COVID-19’s determination to linger necessitates continued safety protocols at the Cleburne Public Library, but staff members remain equally determined in their fashioning of novel ways to ensure programming and services for patrons of all ages and interests.

“We continue to recommend wearing masks; continue to practice social distancing in the library,” Youth Librarian Rachel Slimp said. “But we’re also coming up with ways to do as much as we can within the parameters we have to work with until [COVID-19] starts to subside.

Library Manager Tina Dunham said she and all at the library long for that day to come but also took opportunity to spread word that the library is open to the public — has been since June — and continues to offer a number of programs and activities in addition book and other materials check outs and research assistance.

One of the library’s popular and fairly frequent programs brought notable authors to Cleburne, a series Dunham called much missed and one she hopes to see return soon. For now, however, the library’s bringing author Regina Jennings  to town via the virtual route.

Jennings and the library will host a free virtual event from 7-8 p.m. Monday. To register, visit the library at 302 W. Henderson St. or call 807-645-0934.

A historical romance writer in the Christian fiction genre, Jennings has penned 13 books and two novellas.
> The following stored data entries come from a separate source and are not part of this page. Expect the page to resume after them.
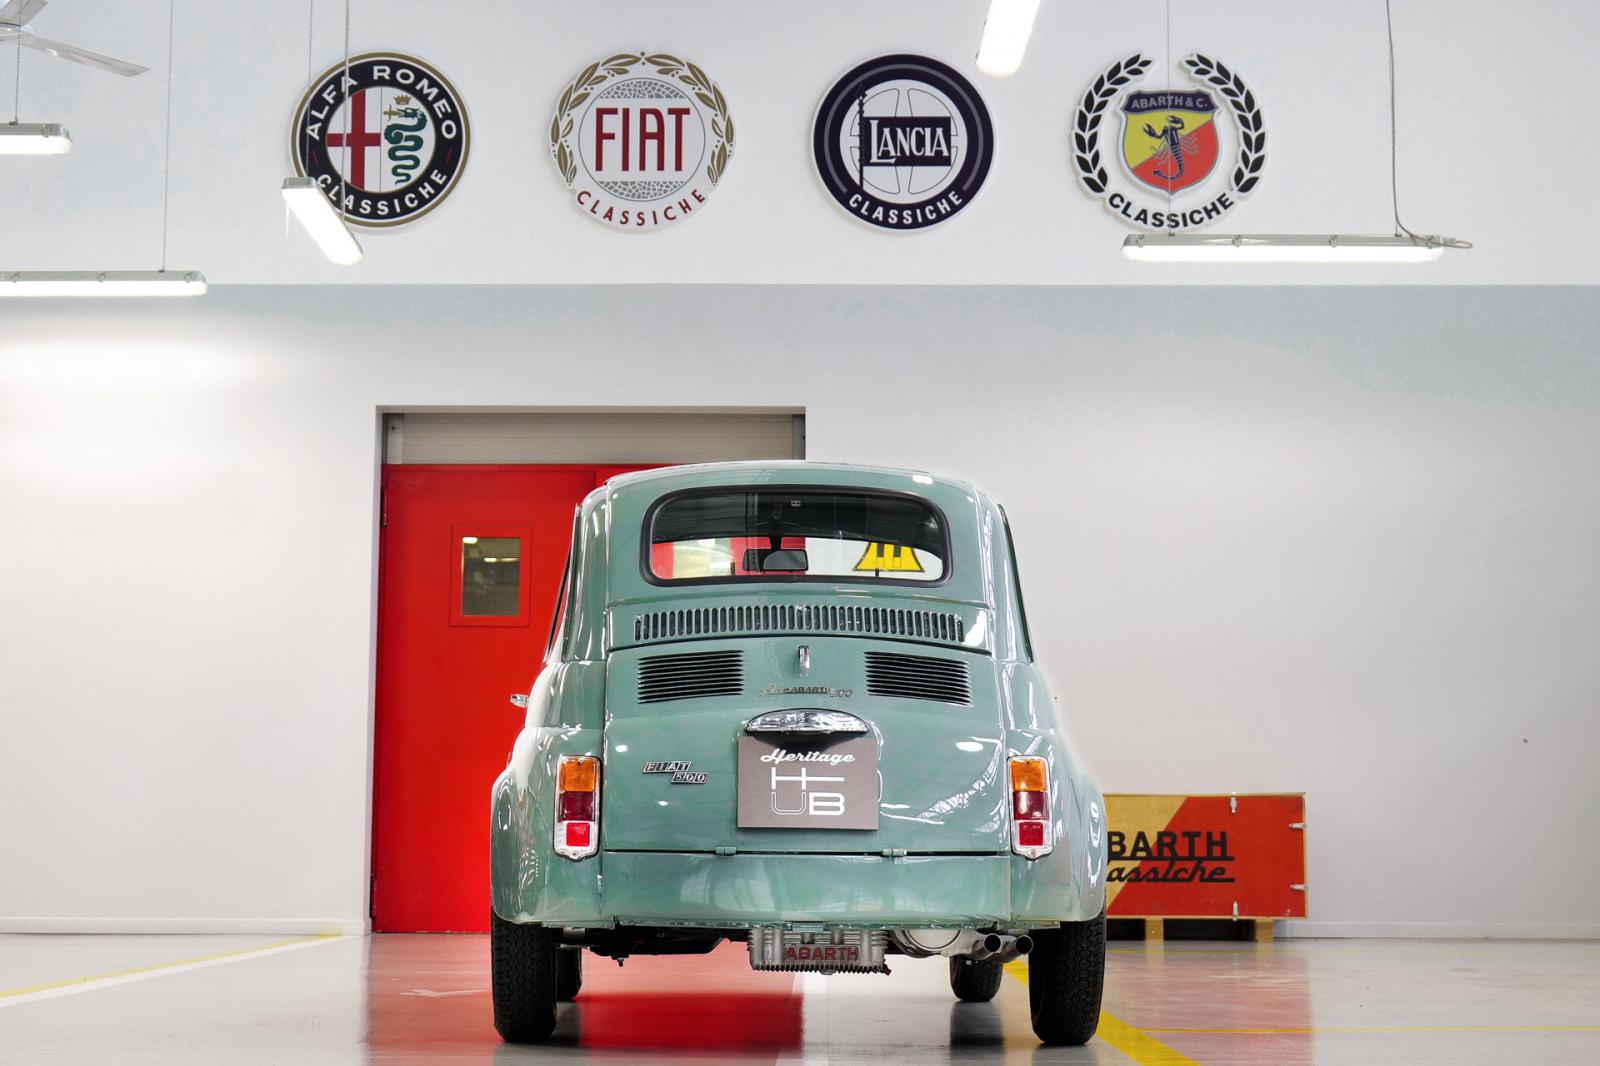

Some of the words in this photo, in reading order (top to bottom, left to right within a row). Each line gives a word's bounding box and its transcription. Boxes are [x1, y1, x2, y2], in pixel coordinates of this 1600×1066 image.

[306, 74, 359, 141] ALFA
[372, 65, 457, 139] ROMEO
[1131, 95, 1183, 109] ABARTH
[1185, 96, 1195, 107] &
[595, 107, 691, 172] FIAT
[869, 119, 950, 164] LANCIA
[316, 168, 448, 216] CLASSICHE
[576, 188, 706, 226] CLASSICHE
[848, 190, 963, 225] CLASSICHE
[1108, 192, 1235, 229] CLASSICHE
[644, 761, 691, 772] FIAT
[760, 748, 856, 764] Heritage
[673, 773, 707, 783] 500
[1107, 831, 1228, 858] BARTH
[784, 946, 859, 961] ABARTH
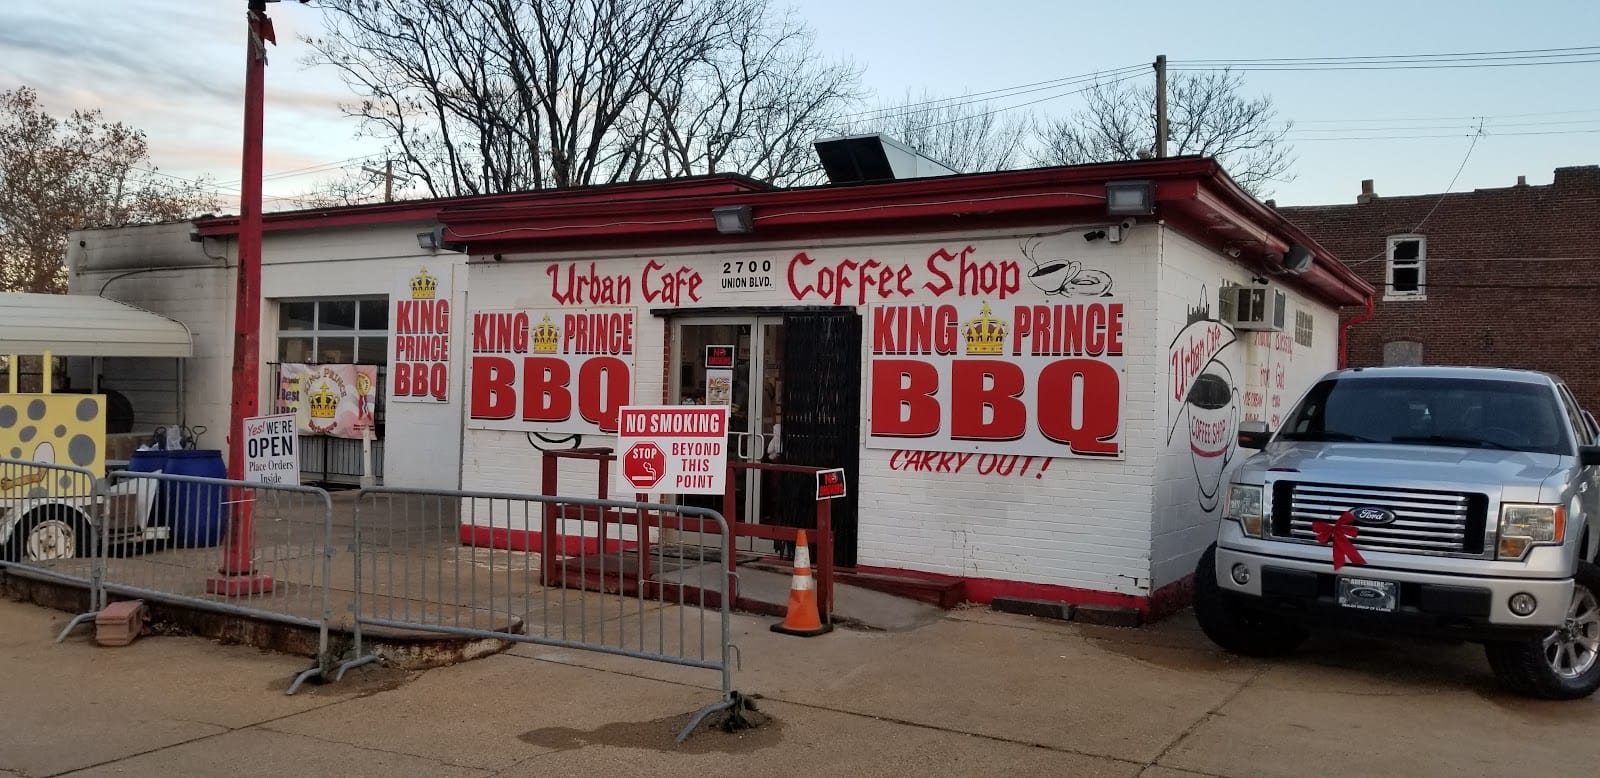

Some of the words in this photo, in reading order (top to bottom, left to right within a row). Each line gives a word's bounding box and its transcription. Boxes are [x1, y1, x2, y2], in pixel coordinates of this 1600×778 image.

[723, 260, 771, 274] 2700
[787, 252, 914, 305] Coffee
[922, 245, 1021, 300] Shop
[546, 262, 632, 305] Urban
[641, 259, 703, 307] Cafe
[721, 277, 747, 289] UNION
[749, 276, 772, 288] BLVD.
[397, 299, 449, 334] KING
[473, 312, 529, 353] KING
[563, 313, 632, 355] PRINCE
[873, 304, 958, 356] KING
[1012, 303, 1123, 357] PRINCE
[396, 335, 449, 361] PRINCE
[1172, 335, 1205, 402] Urban
[1206, 324, 1222, 357] Cafe
[324, 367, 347, 398] PRINCE
[393, 362, 447, 401] BBQ
[281, 388, 300, 402] Best
[471, 357, 630, 433] BBQ
[871, 358, 1120, 457] BBQ
[248, 421, 265, 436] Yes!
[267, 420, 293, 434] WE'RE
[626, 413, 647, 433] NO
[650, 413, 720, 433] SMOKING
[1191, 415, 1211, 444] COFFEE
[1212, 419, 1226, 445] SHOP
[249, 436, 293, 458] OPEN
[632, 447, 657, 459] STOP
[672, 443, 720, 456] BEYOND
[249, 461, 267, 472] Place
[268, 460, 294, 470] Orders
[681, 459, 710, 472] THIS
[889, 450, 973, 473] CARRY
[260, 473, 282, 484] Inside
[676, 475, 714, 488] POINT
[1360, 509, 1385, 520] Ford
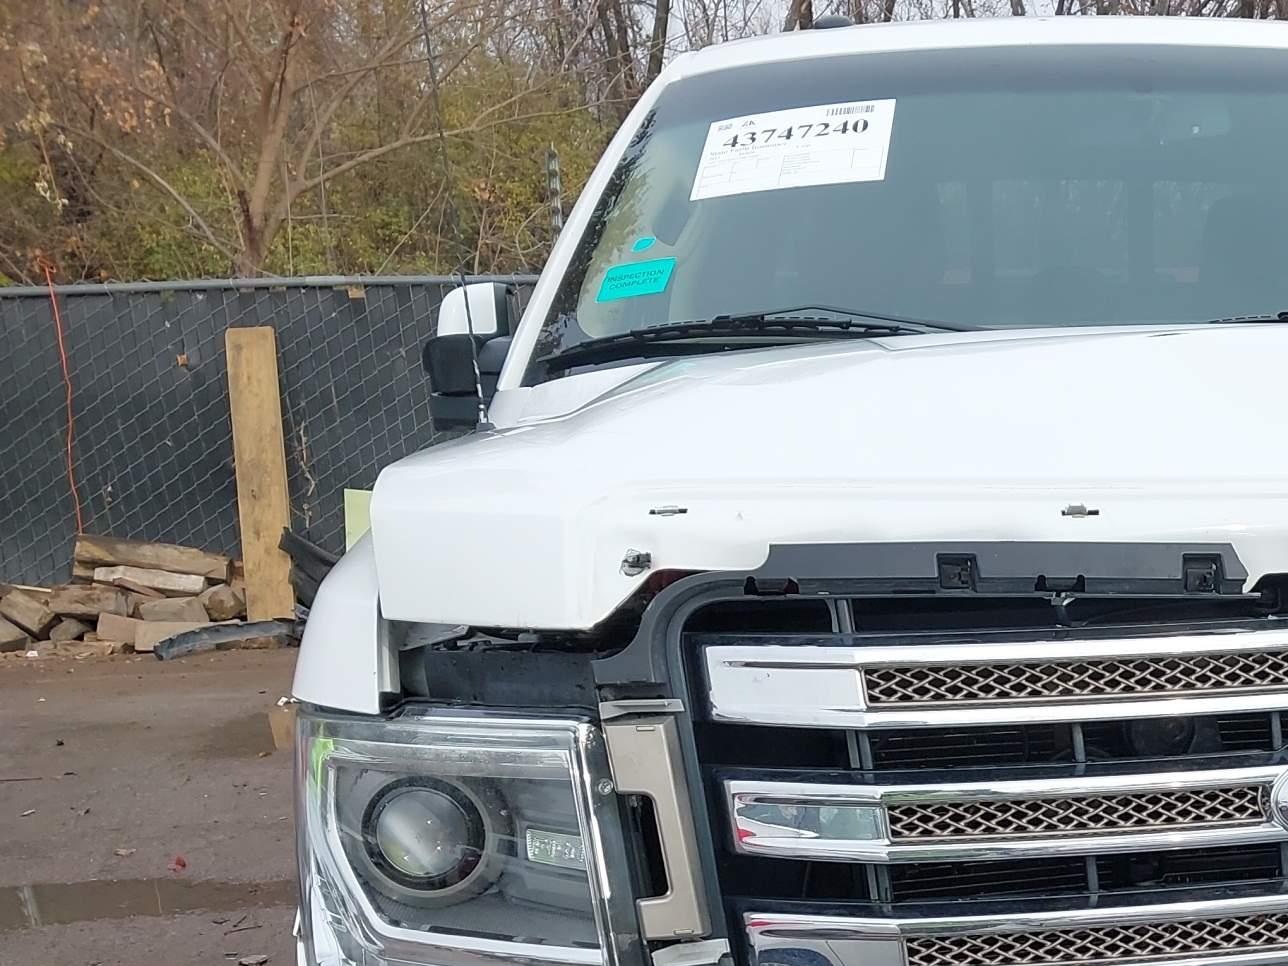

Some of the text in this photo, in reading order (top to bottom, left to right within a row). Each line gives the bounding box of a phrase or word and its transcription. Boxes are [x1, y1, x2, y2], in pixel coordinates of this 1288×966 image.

[722, 118, 869, 149] 43747240
[607, 269, 665, 283] INSPECTION
[608, 277, 660, 290] COMPLETE
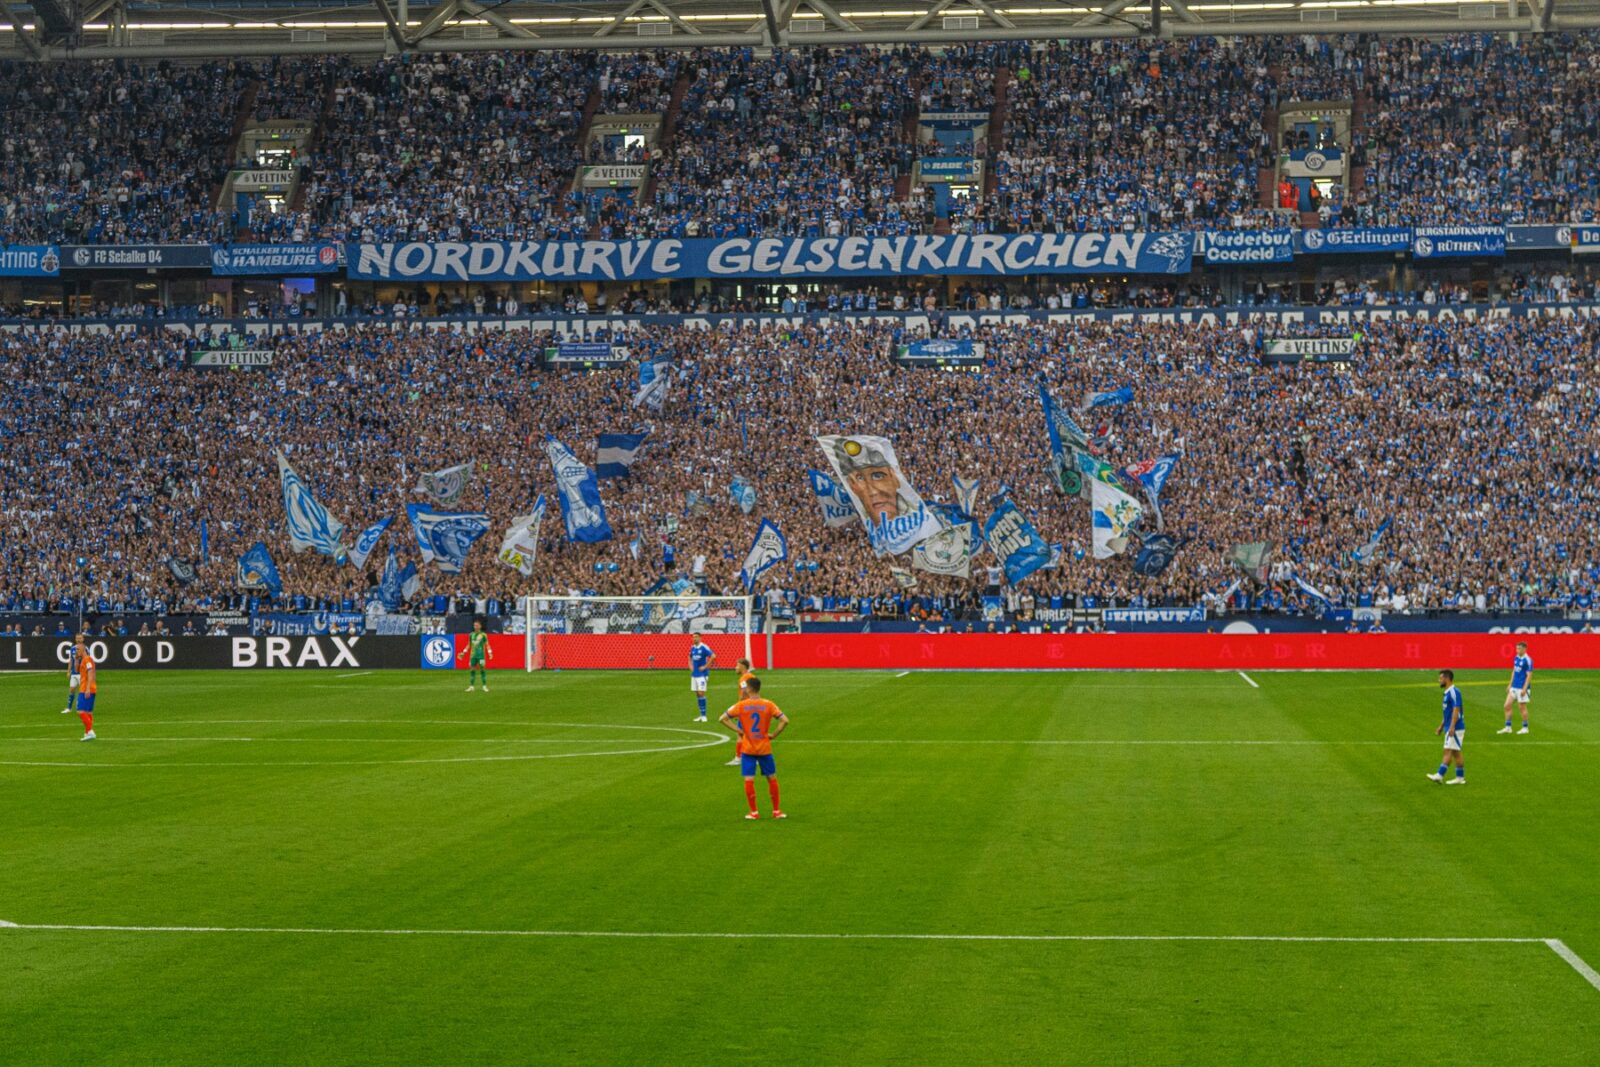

Jennings earned an English degree with a minor in history from Oklahoma Baptist University. Previously, she worked at Mustang News, the Oklahoma National Stockyard and with various livestock shows. 

As an author, Jennings has won the National Reader’s Choice Award and twice been named finalist for the Golden Quill Award in addition to having been named a finalist for both the Oklahoma Book of the Year and Christy awards.

“Courting Misfortune,” Jennings’ latest book, details the exploits of female Pinkerton operative Calista York.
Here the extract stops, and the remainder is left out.